The Living Planet Report found the 35, 000 populations under review had fallen 73 percent since 1970, mostly due to human pressures. Terrestrial and marine vertebrates have recorded the slowest declines in freshwater species, followed by terrestrial and marine ones.

According to the report’s snapshots, pink river and tucuxi dolphin populations in the Brazilian state of Amazonas have decreased by 65 percent and 57 percent, respectively, as a result of hunting, with climate change also threatening their survival.

In Gabon, the number of forest elephants had declined by 78 to 81 percent, with WWF researchers finding “strong evidence” of poaching for the ivory trade. With almost half the continent’s forest elephants in Gabon, the decline was considered a “considerable setback” for the future of the species.

Elephants graze in the Loango National Park in Gabon, where wildlife has been battered by wars, habitat destruction and hunting]File: Steeve Jordan/AFP]

The report found that habitat loss and degradation, driven primarily by food systems, is the biggest threat to wildlife populations around the world, followed by overexploitation, invasive species and disease.

“This is not just about wildlife, it’s about the essential ecosystems that sustain human life”, said Daudi Sumba, chief conservation officer at WWF.

“The changes could be irreversible, with devastating consequences for humanity”, he said, using the example of deforestation in the Amazon, which could “shift this critical ecosystem from a carbon sink to a carbon source”.

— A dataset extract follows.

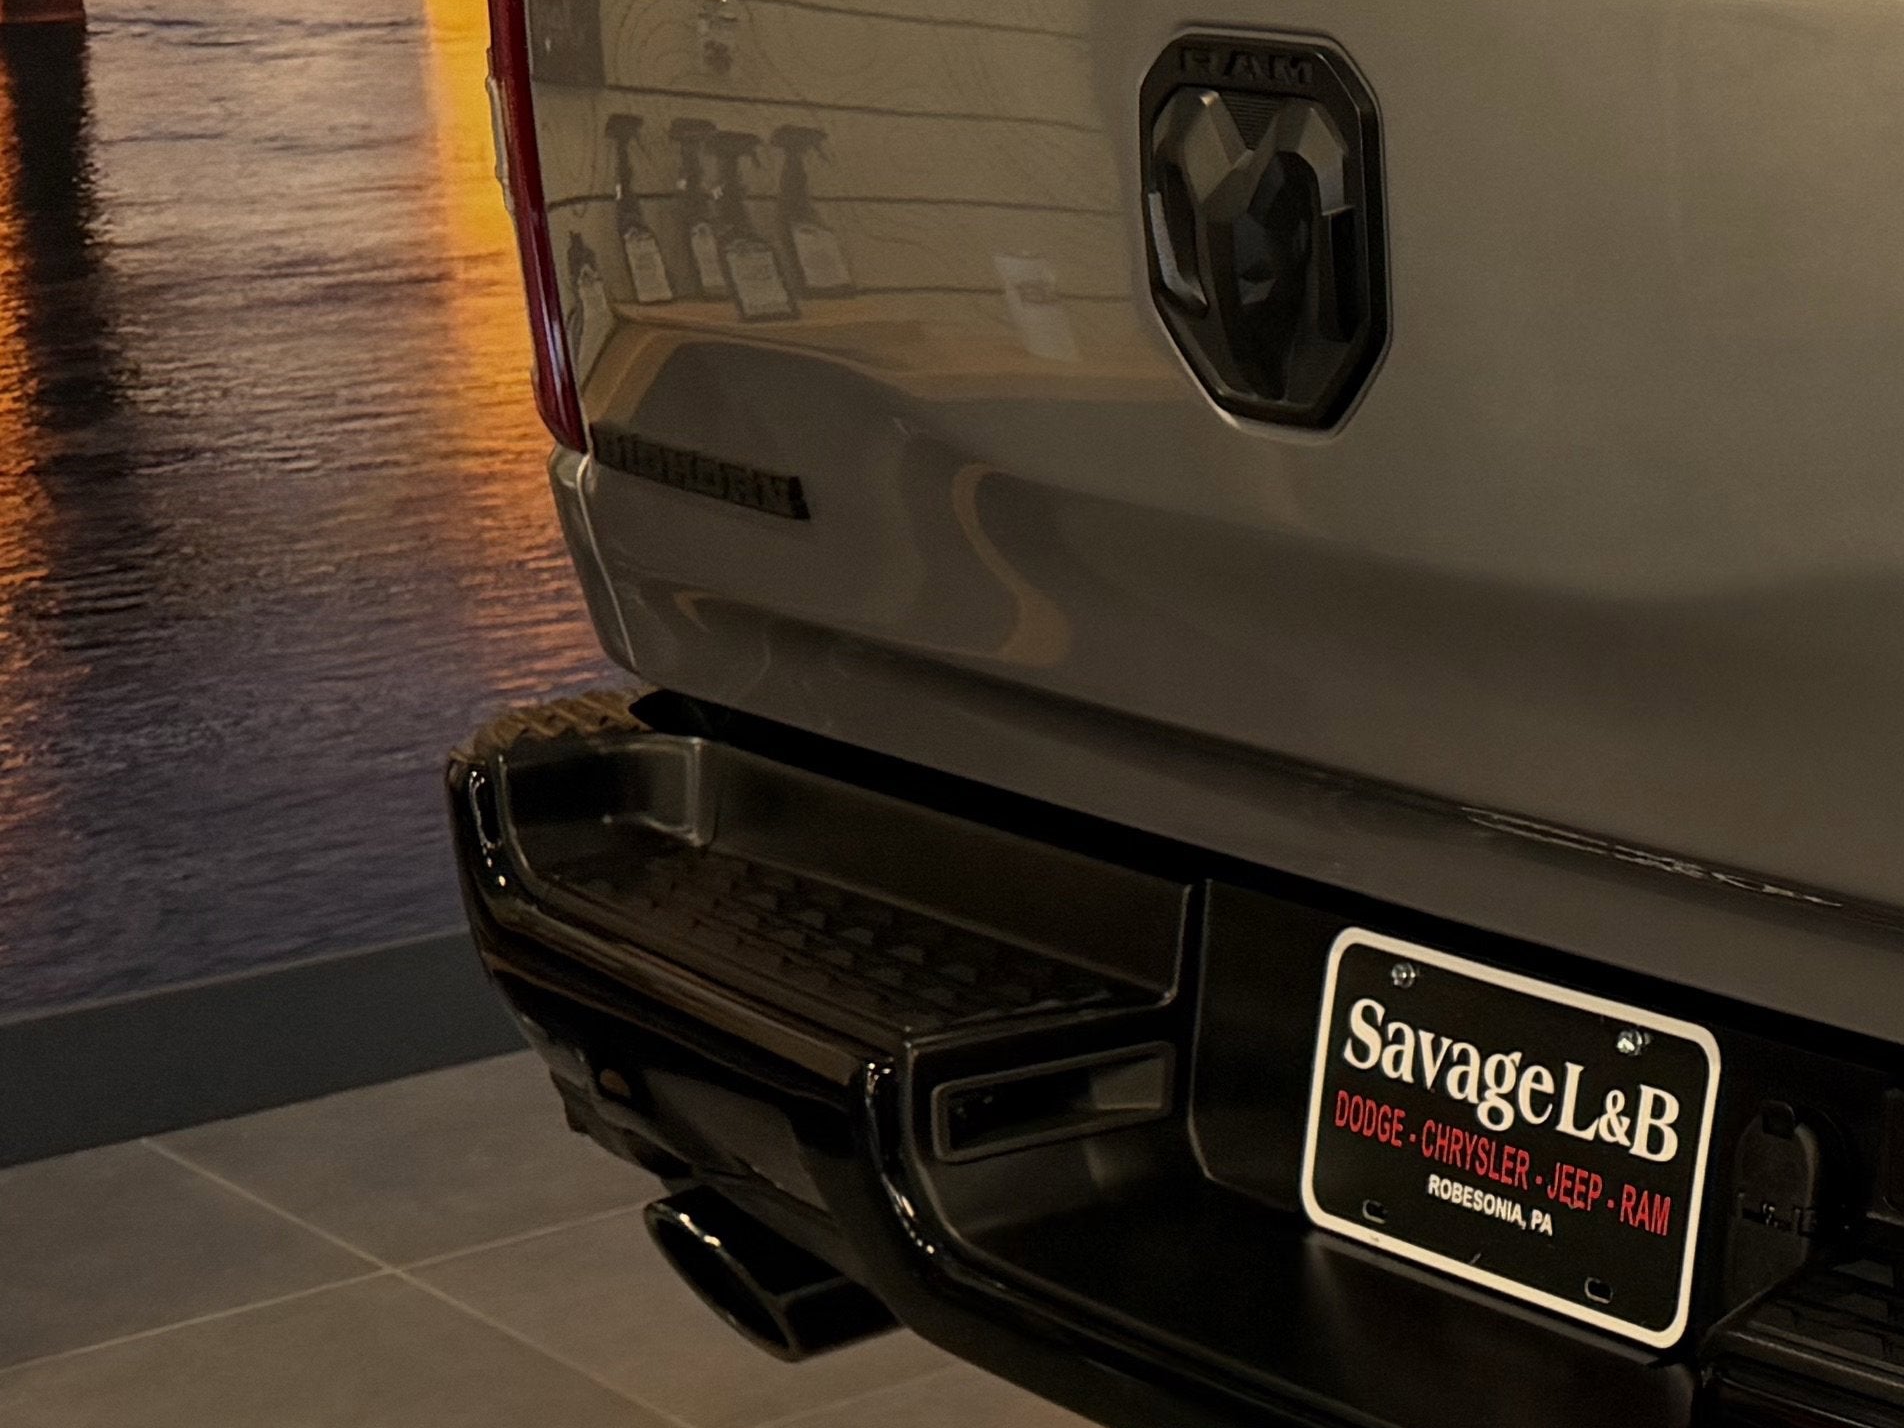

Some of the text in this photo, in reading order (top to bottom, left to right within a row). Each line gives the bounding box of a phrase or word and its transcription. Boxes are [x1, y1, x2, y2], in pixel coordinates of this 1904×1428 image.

[1178, 45, 1313, 84] RAM
[1334, 1091, 1672, 1236] DODGE CHRYSLER JEEP RAM
[1428, 1174, 1554, 1236] ROBESONIA, PA
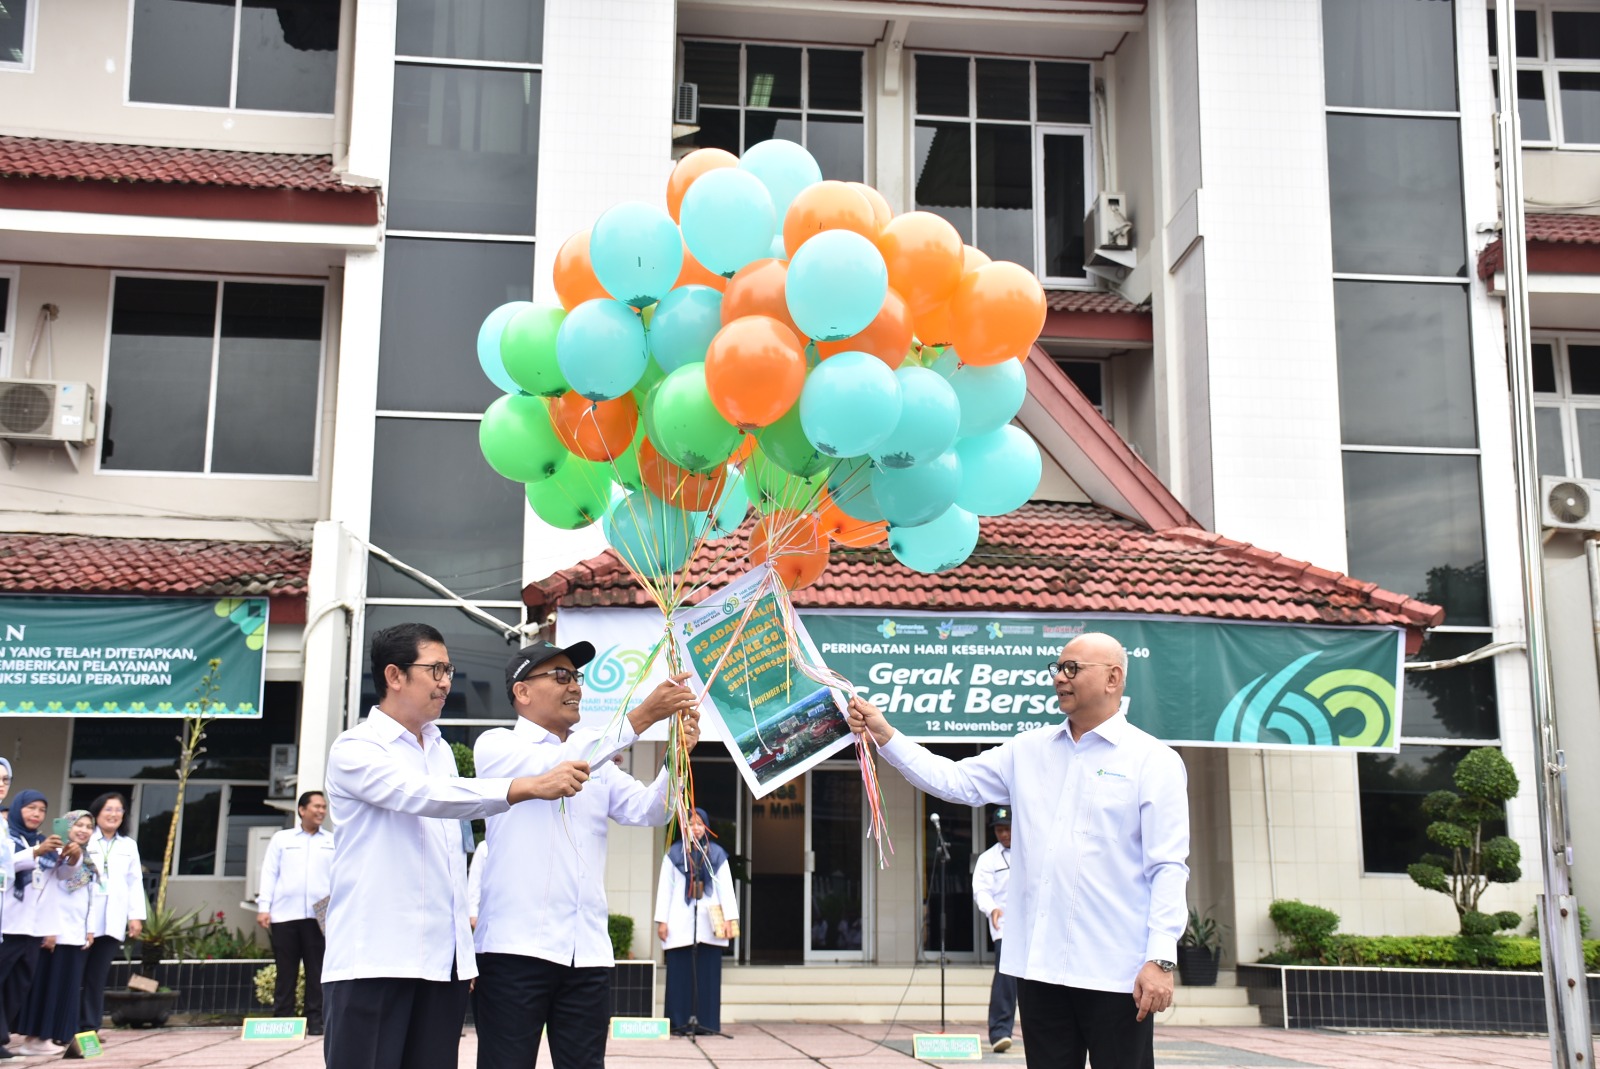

Other threats include climate change, in particular in Latin America and the Caribbean, and pollution, notably in North America, Asia and the Pacific.

“The good news is that we’re not yet past the point of no return”, said Kirsten Schuijt, director-general of WWF International.

She cited international initiatives, including a groundbreaking pact signed at the most recent UN meeting on biodiversity in 2022 to protect 30 percent of the planet from environmental degradation, degradation, and climate change by 2030.

But she warned, “All of these agreements have checkpoints in 2030 that are in danger of being missed”.

According to the report, some populations have stabilized or even grown as a result of conservation efforts and species reintroductions.